**Dataset content:**
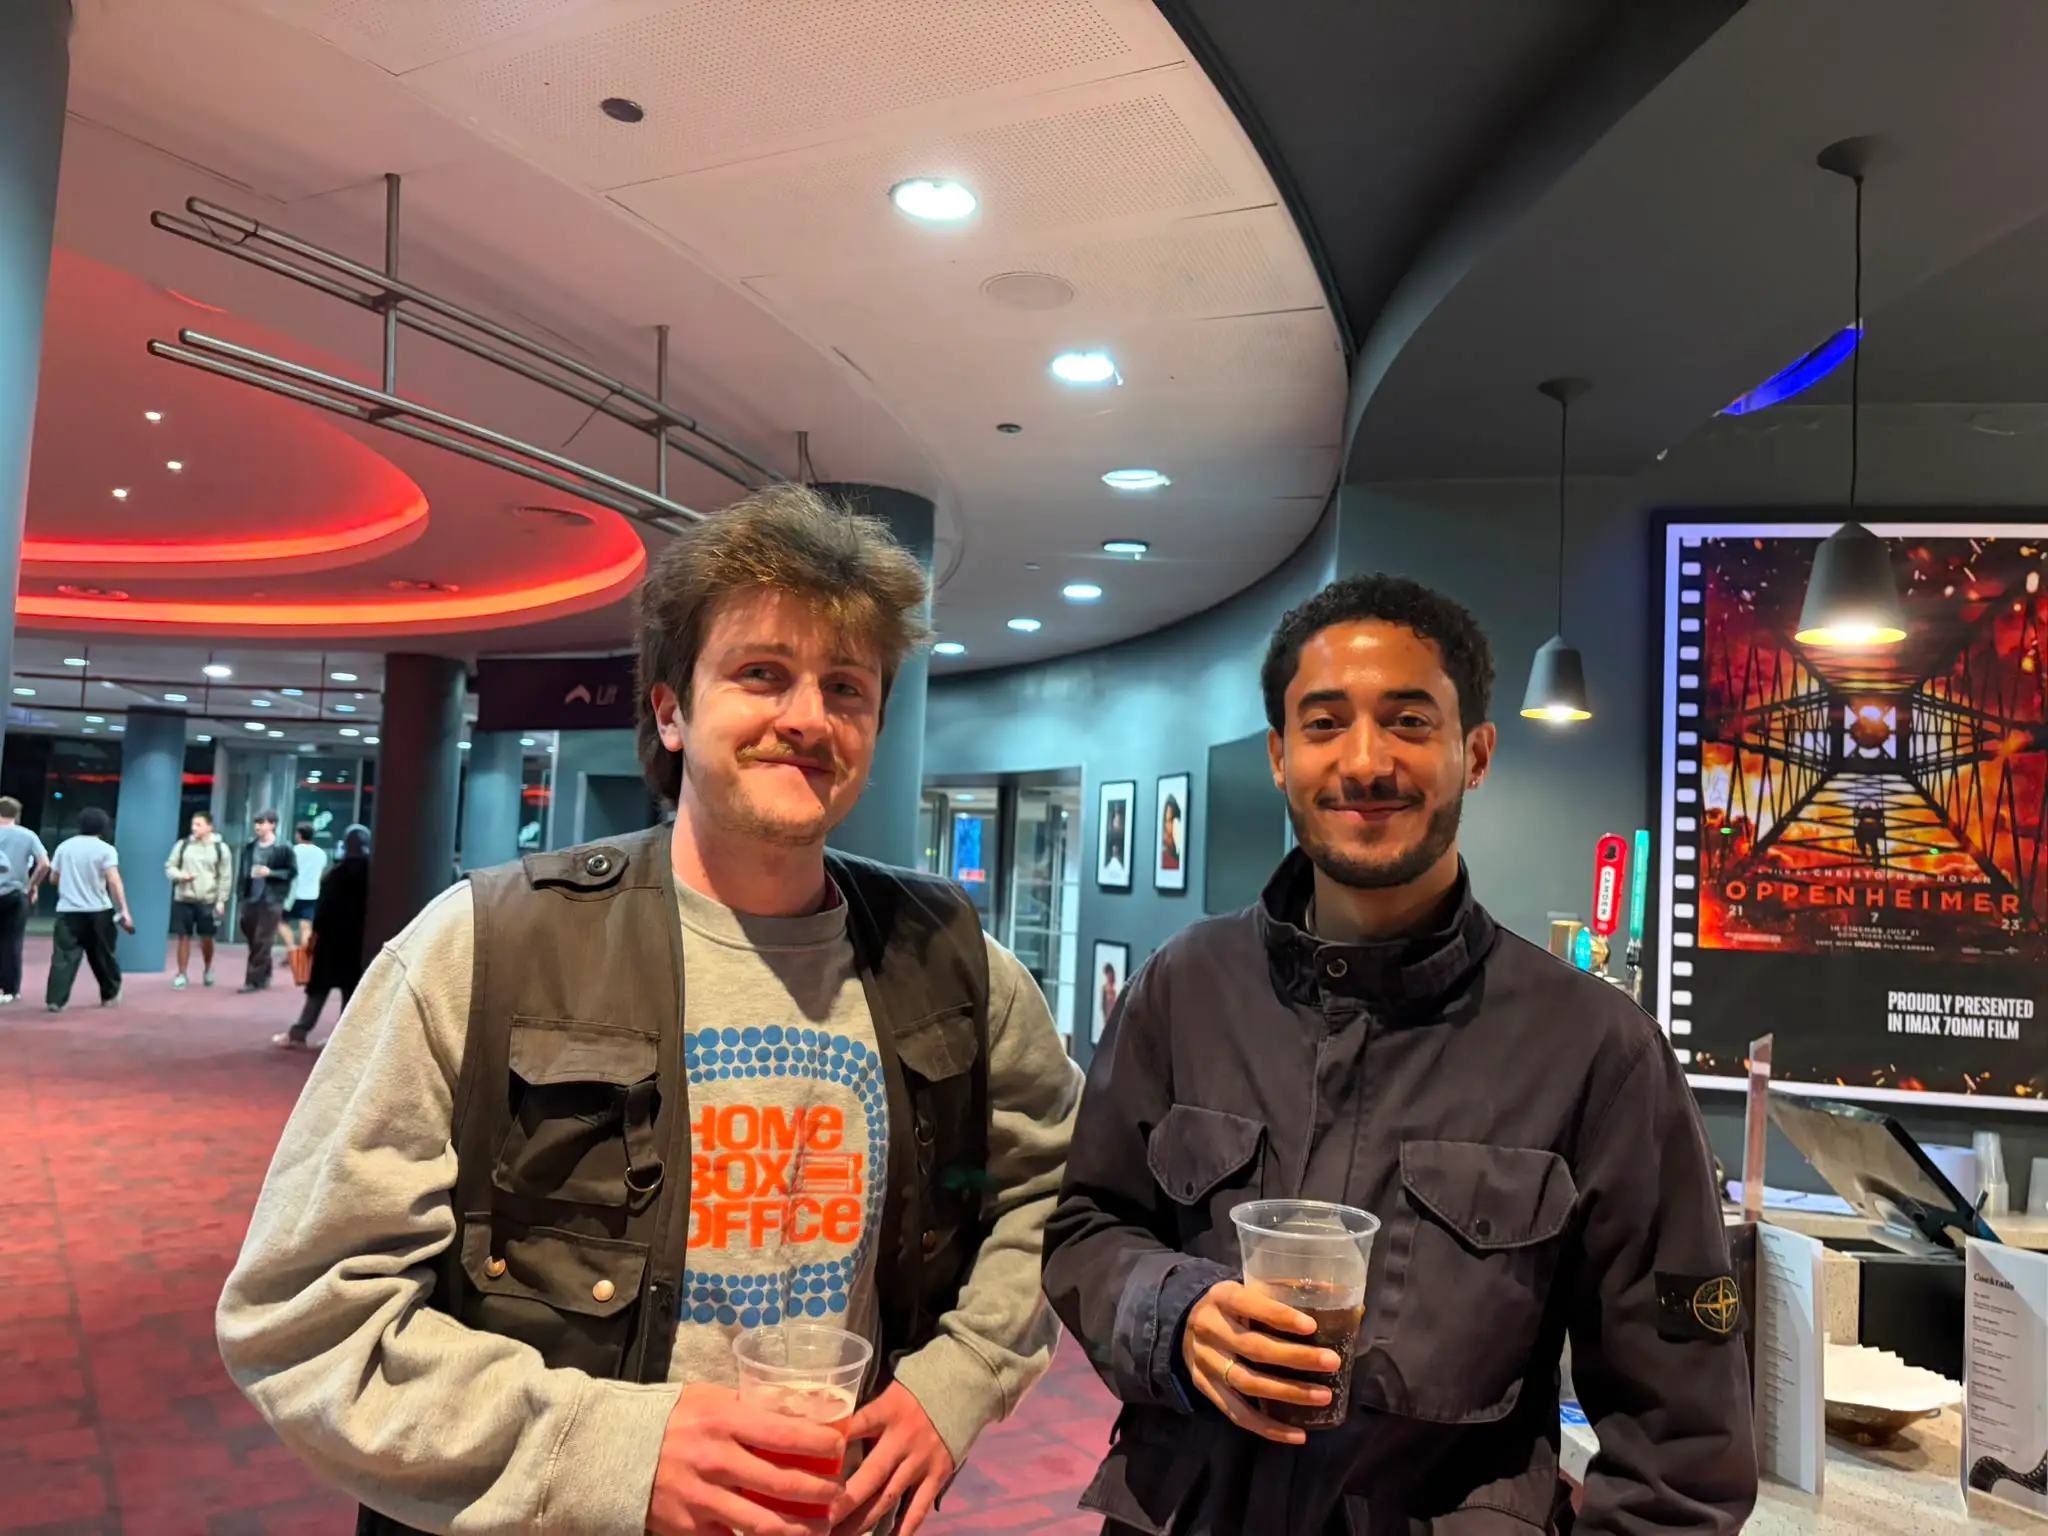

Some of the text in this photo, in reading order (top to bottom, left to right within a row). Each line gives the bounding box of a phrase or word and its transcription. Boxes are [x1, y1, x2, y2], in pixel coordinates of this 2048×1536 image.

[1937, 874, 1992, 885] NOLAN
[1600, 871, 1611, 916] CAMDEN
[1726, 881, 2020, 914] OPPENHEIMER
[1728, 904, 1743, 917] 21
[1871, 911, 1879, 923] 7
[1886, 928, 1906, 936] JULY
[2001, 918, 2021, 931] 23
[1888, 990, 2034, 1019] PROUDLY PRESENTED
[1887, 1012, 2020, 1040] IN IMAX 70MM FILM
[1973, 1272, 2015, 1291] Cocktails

**Problem requirements:** Restate the material word for word; no picture should appear in the copy.

**Your response:**
Some of the text in this photo, in reading order (top to bottom, left to right within a row). Each line gives the bounding box of a phrase or word and its transcription. Boxes are [x1, y1, x2, y2], in pixel coordinates of this 2048×1536 image.

[1937, 874, 1992, 885] NOLAN
[1600, 871, 1611, 916] CAMDEN
[1726, 881, 2020, 914] OPPENHEIMER
[1728, 904, 1743, 917] 21
[1871, 911, 1879, 923] 7
[1886, 928, 1906, 936] JULY
[2001, 918, 2021, 931] 23
[1888, 990, 2034, 1019] PROUDLY PRESENTED
[1887, 1012, 2020, 1040] IN IMAX 70MM FILM
[1973, 1272, 2015, 1291] Cocktails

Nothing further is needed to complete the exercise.